Dirigimo-nos primeiro à Rua da Fonte. Lá ao fundo, avistámos a casa do Torreão. Uma enorme casa com dois andares com uma elegante escadaria em pedra do lado esquerdo da ala principal leva-nos ao primeiro piso. Por cima, oito janelas completam a frontaria da casa. No telhado, o Torreão que dá o nome à casa.
- Esta casa é particular? - perguntou D. Noémia
- Acho que sim. Sei que foi vendida. Vi isso no site de Carvalhal Redondo. Diz lá que o neto do antigo dono não tinha dinheiro para manter a casa e que a vendeu a alguém que está a pensar investir na área do turismo – respondi.
- E olha! Uma pousada nesta casa ficava espectacular - comentou o pai do Zito.
Seguimos para a Rua da Igreja. O orago da Freguesia é S. João. Daí que, a Igreja Paroquial se chame de S. João Evangelista.
- De que época é? - questiona Anita.
- As informações são poucas mas pensa-se que será dos finais do período medieval. Sabem, durante estes anos sofreu muitas modificações…

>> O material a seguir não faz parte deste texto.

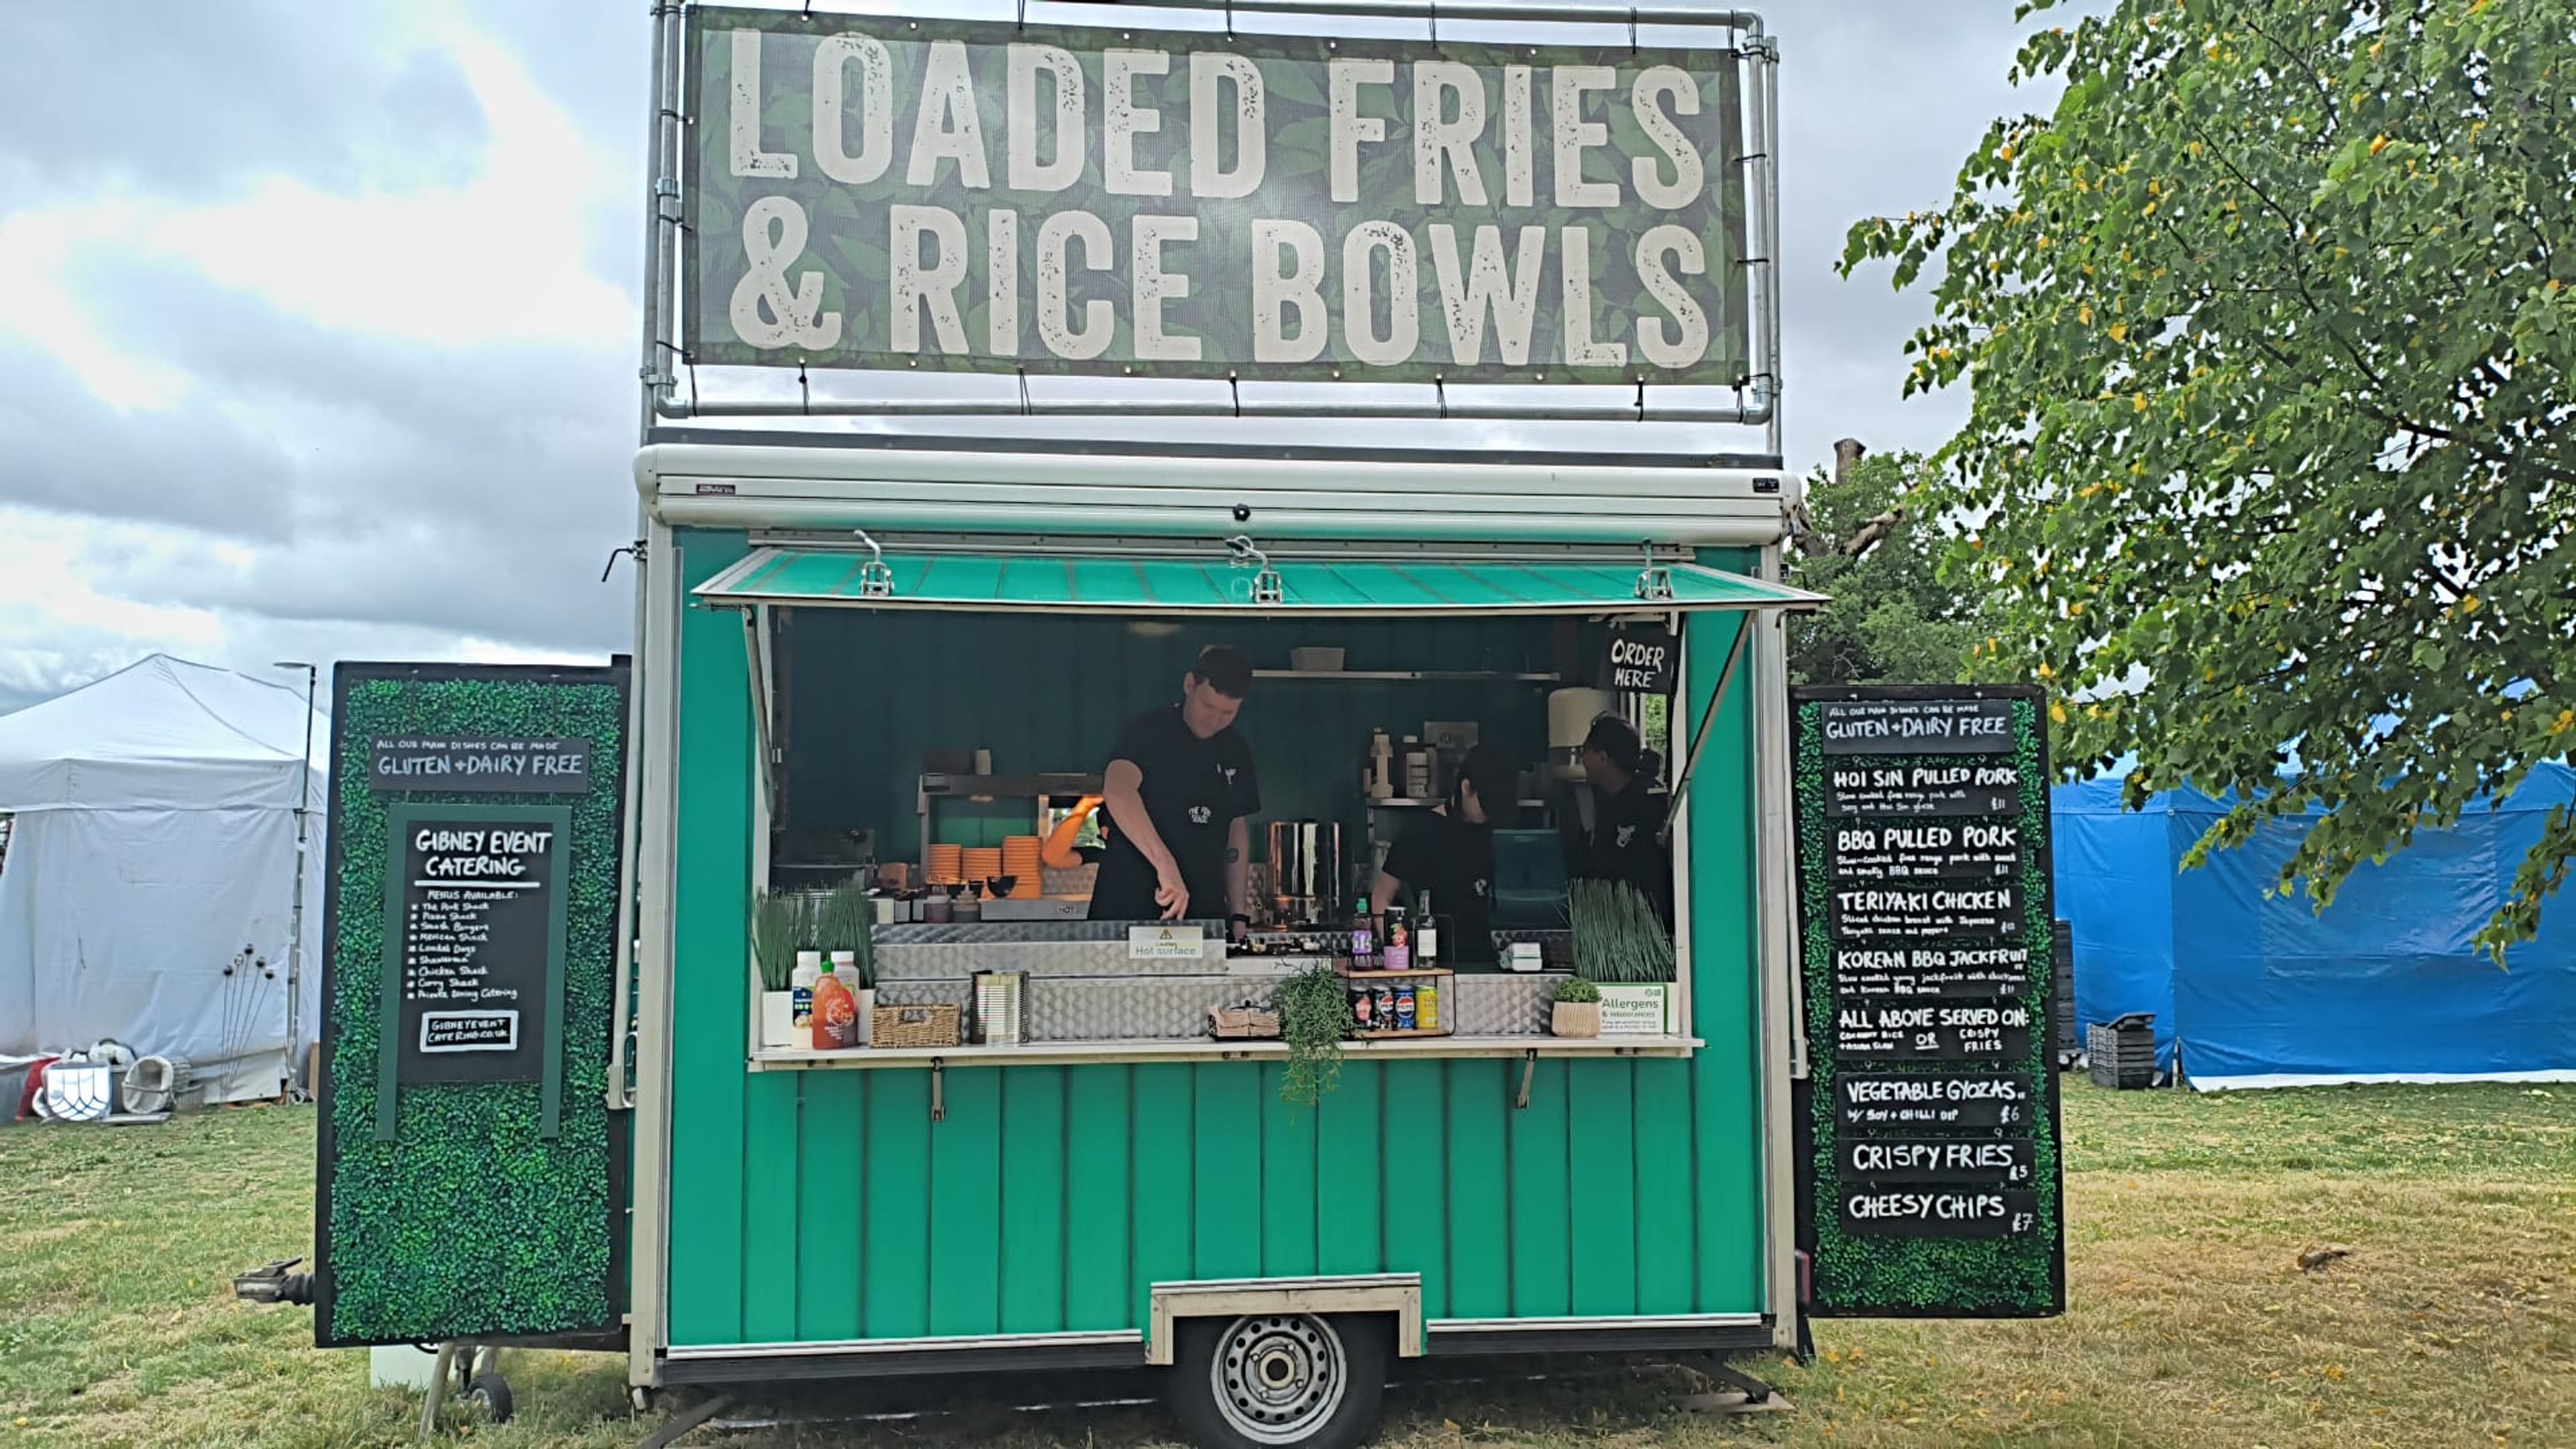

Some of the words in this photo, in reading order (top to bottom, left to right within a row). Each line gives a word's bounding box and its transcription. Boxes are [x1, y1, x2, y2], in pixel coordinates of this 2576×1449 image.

[729, 28, 1267, 199] LOADED
[1328, 58, 1703, 210] FRIES
[728, 195, 842, 352] &
[889, 205, 1202, 363] RICE
[1252, 218, 1711, 370] BOWLS
[1611, 639, 1664, 673] ORDER
[1615, 668, 1656, 688] HERE
[1829, 708, 1846, 717] ALL
[1849, 707, 1865, 715] OUR
[1923, 706, 1939, 714] CAN
[1826, 718, 1889, 739] GLUTEN
[1959, 716, 2006, 737] FREE
[377, 740, 394, 749] ALL
[398, 740, 417, 749] OUR
[422, 741, 447, 749] MAIN
[490, 742, 508, 750] CAN
[378, 755, 450, 775] GLUTEN
[533, 755, 582, 774] FREE
[1833, 769, 1866, 788] HOI
[1913, 767, 1971, 787] PULLED
[1975, 767, 2018, 786] PORK
[416, 829, 486, 851] GIBNEY
[490, 830, 552, 853] EVENT
[1837, 830, 1875, 851] BBQ
[1884, 827, 1951, 850] PULLED
[1963, 826, 2017, 847] PORK
[425, 856, 525, 876] CATERING
[1888, 865, 1910, 876] BBQ
[428, 890, 460, 900] MENUS
[1837, 891, 1928, 911] TERIYAKI
[1932, 888, 2011, 910] CHICKEN
[1136, 947, 1153, 955] Hot
[1837, 950, 1907, 970] KOREAN
[1911, 950, 1945, 968] BBQ
[1949, 948, 2028, 967] JACKFRUIT
[1602, 998, 1658, 1011] Allergens
[1839, 1009, 1874, 1028] ALL
[1878, 1008, 1935, 1028] ABOVE
[1939, 1008, 1999, 1026] SERVED
[2001, 1008, 2030, 1026] ON:
[1916, 1032, 1937, 1045] OR
[1959, 1028, 1999, 1039] CRISPY
[1964, 1040, 2002, 1053] FRIES
[1847, 1081, 1944, 1102] VEGETABLE
[1947, 1079, 2016, 1100] GYOZAS
[1866, 1108, 1888, 1121] SOY
[1899, 1108, 1935, 1120] CHILLI
[1940, 1109, 1959, 1120] DIP
[2000, 1105, 2021, 1124] £6
[1853, 1144, 1941, 1170] CRISPY
[1947, 1144, 2014, 1168] FRIES
[2009, 1165, 2029, 1181] £5
[1849, 1193, 1934, 1219] CHEESY
[1936, 1194, 2005, 1219] CHIPS
[2012, 1213, 2033, 1232] £7

- Acho piada aos dois sinos…
- Há várias com mais do que um sino, por exemplo a que vamos visitar de tarde a Moreira mas, realmente, a estética destes é diferente.

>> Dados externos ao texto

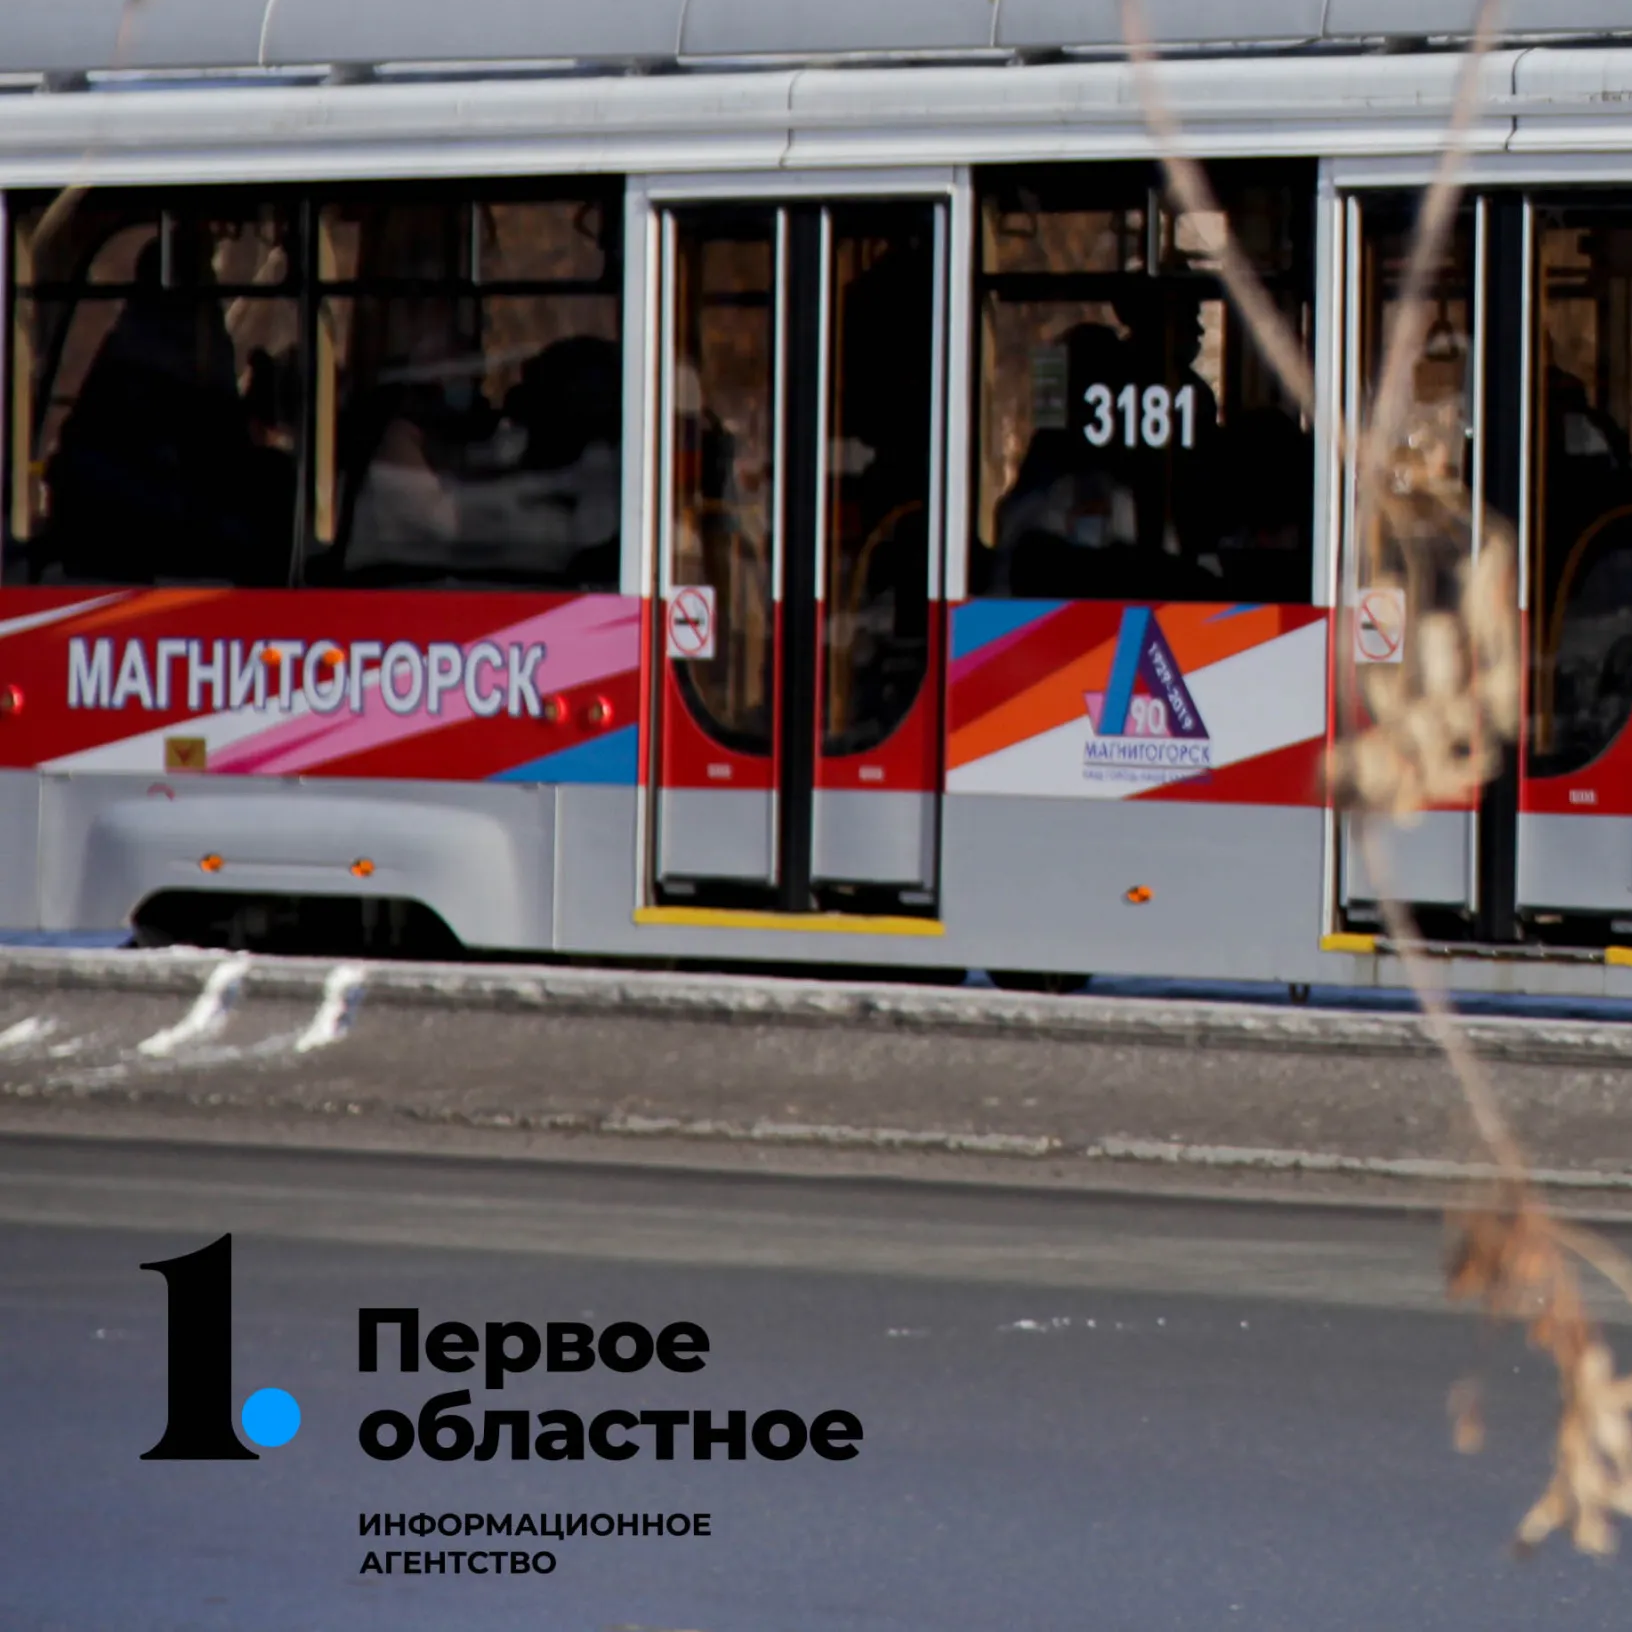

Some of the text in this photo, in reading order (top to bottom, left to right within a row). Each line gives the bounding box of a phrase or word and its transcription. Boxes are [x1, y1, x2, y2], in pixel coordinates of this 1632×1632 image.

[1083, 382, 1195, 449] 3181
[67, 636, 547, 718] МАГНИТОГОРСК
[1147, 640, 1195, 731] 1929-2019
[1130, 697, 1168, 735] 90
[1085, 739, 1211, 764] МАГНИТОГОРСК

- Vale a pena ir lá dentro?
- Vale sempre a pena.
O interior tem o corpo e a capela-mor com coberturas de madeira. Na parede do lado direito encontramos as imagens de Santo António e S. Sebastião. Na capela-mor, extremamente simples, vemos na parede ao fundo Cristo crucificado, ladeado por Nossa Senhora e S. João Evangelista.
Saímos da Igreja. Dirigimo-nos a pé para o largo da feira onde tínhamos deixado o carro. Já debaixo das árvores, um grupo de ciclistas preparava-se para arrancar em direcção à Associação.

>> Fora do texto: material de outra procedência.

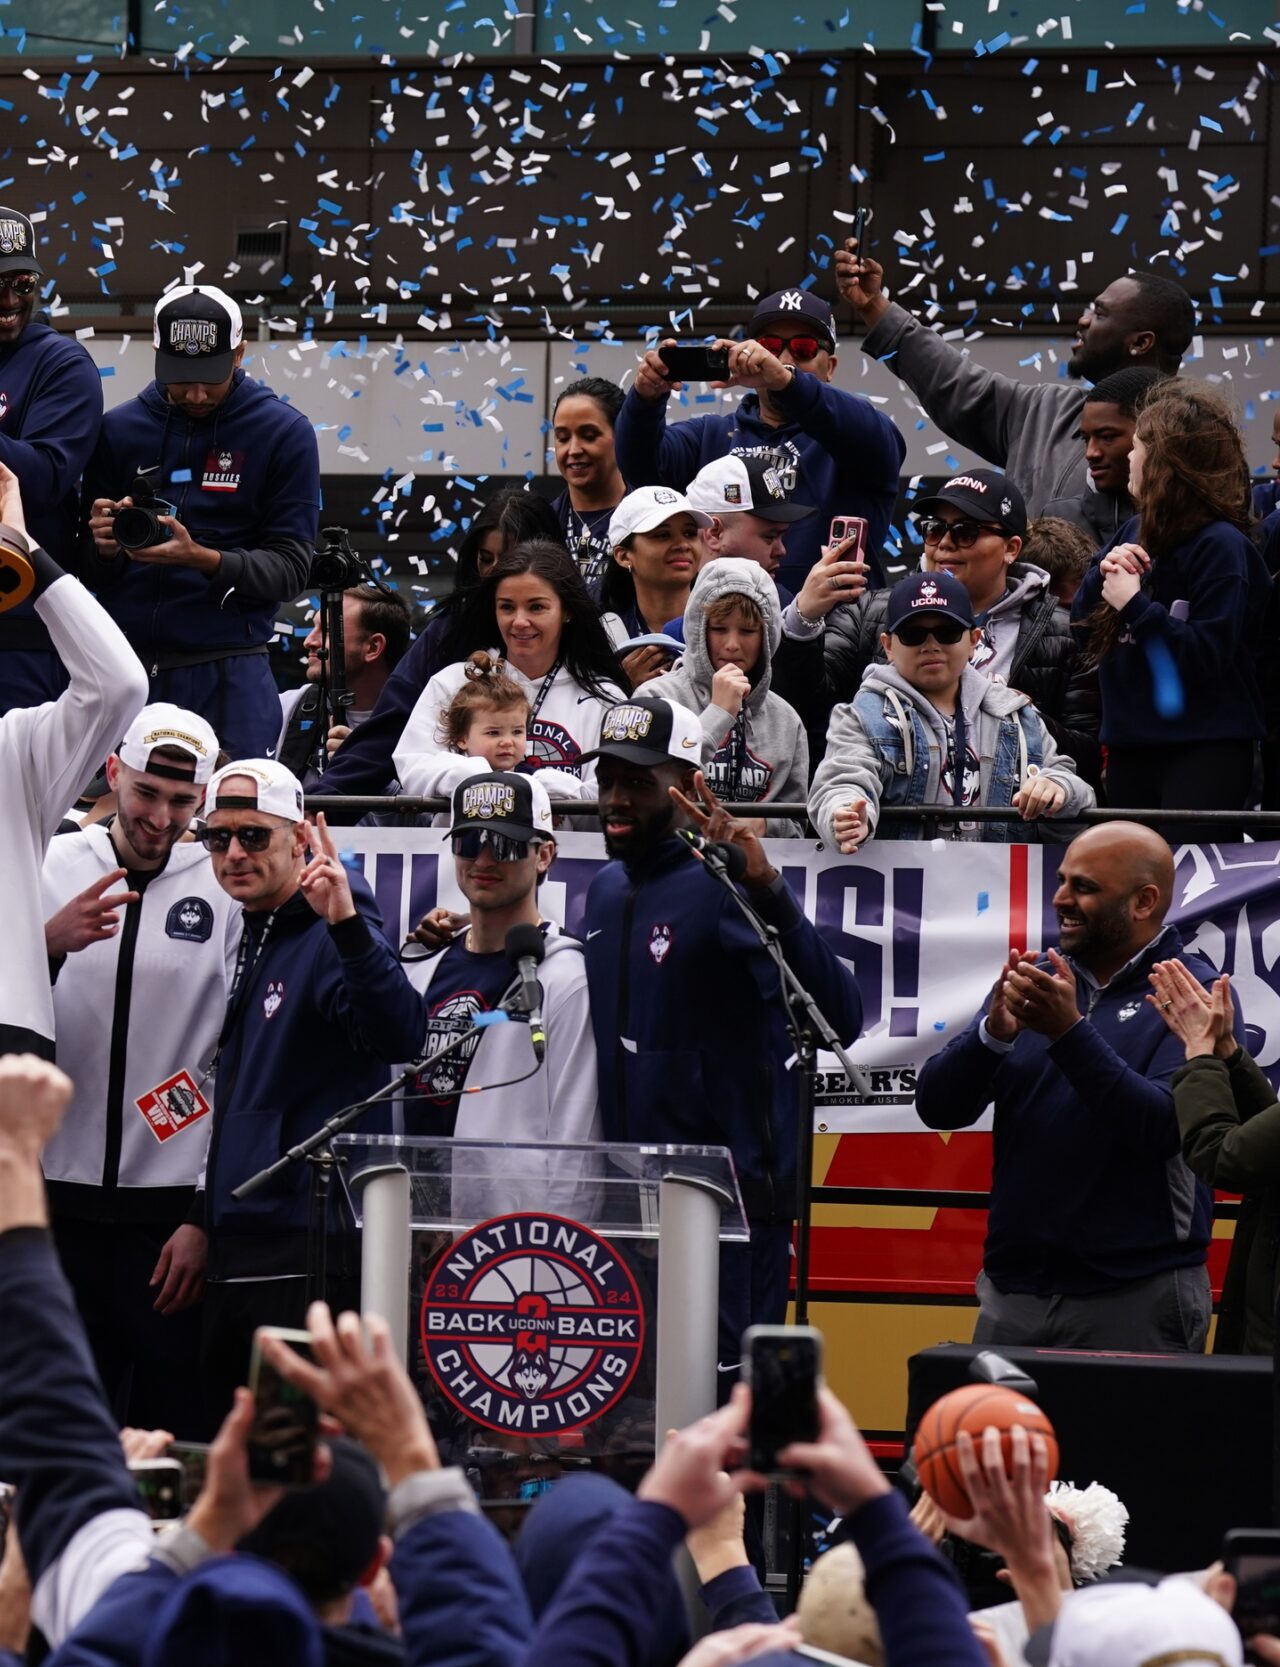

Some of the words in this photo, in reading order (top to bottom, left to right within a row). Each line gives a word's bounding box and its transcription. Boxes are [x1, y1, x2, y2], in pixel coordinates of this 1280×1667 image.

[779, 292, 803, 310] NY
[170, 321, 218, 347] CHAMPS
[203, 472, 240, 482] HUSKIES
[911, 598, 947, 607] UCONN
[603, 708, 652, 737] CHAMPS
[463, 785, 514, 813] CHAMPS
[147, 1104, 167, 1126] VIP
[447, 1221, 614, 1286] NATIONAL
[435, 1284, 458, 1298] 23
[607, 1291, 631, 1304] 24
[428, 1312, 505, 1333] BACK
[508, 1318, 555, 1331] UCONN
[558, 1317, 635, 1338] BACK
[437, 1349, 628, 1429] CHAMPIONS

- Também há cá ciclismo? - Perguntou o Zito.
- Cicloturismo. Estão ligados à Associação e fazem muitos passeios. O grupo “Aventura 100 Atalhos” também fazem caminhadas. Ainda há pouco tempo os meus primos foram com eles a uma caminhada no Tua…
- Só de falar em caminhadas e ver bicicletas, já estou com apetite. Vamos ter com os teus tios ao restaurante…
Entrámos no carro e dirigimo-nos para a entrada de Carvalhal. Estacionámos o carro junto ao solar. Em frente estava o Restaurante-Hospedaria Sr.ª do Viso.
Um cabrito assado com batata no forno de lenha, à moda beirã e torresmos na púcara com feijão cozido em panela de ferro esperavam por nós. Fomos para a mesa, onde os mais velhos acompanharam uma bola de vinho de alhos ainda quente, como não podia deixar de ser, com Vinho do Dão. Excelente como sempre. Vale a pena vir almoçar ao Viso.
- Querem vir ver os jardins? - Perguntei à Anita e ao Zito.
Tínhamos acabado de almoçar e enquanto os pais e os tios tomavam café, descemos até às traseiras e fomos ver o local onde se realizam os casamentos. Um sistema de água percorrendo todo o jardim com quedas de àgua e repuxos mantiveram-nos entusiasmados e entretidos e curiosos até sermos chamados para ir em direcção a Moreira.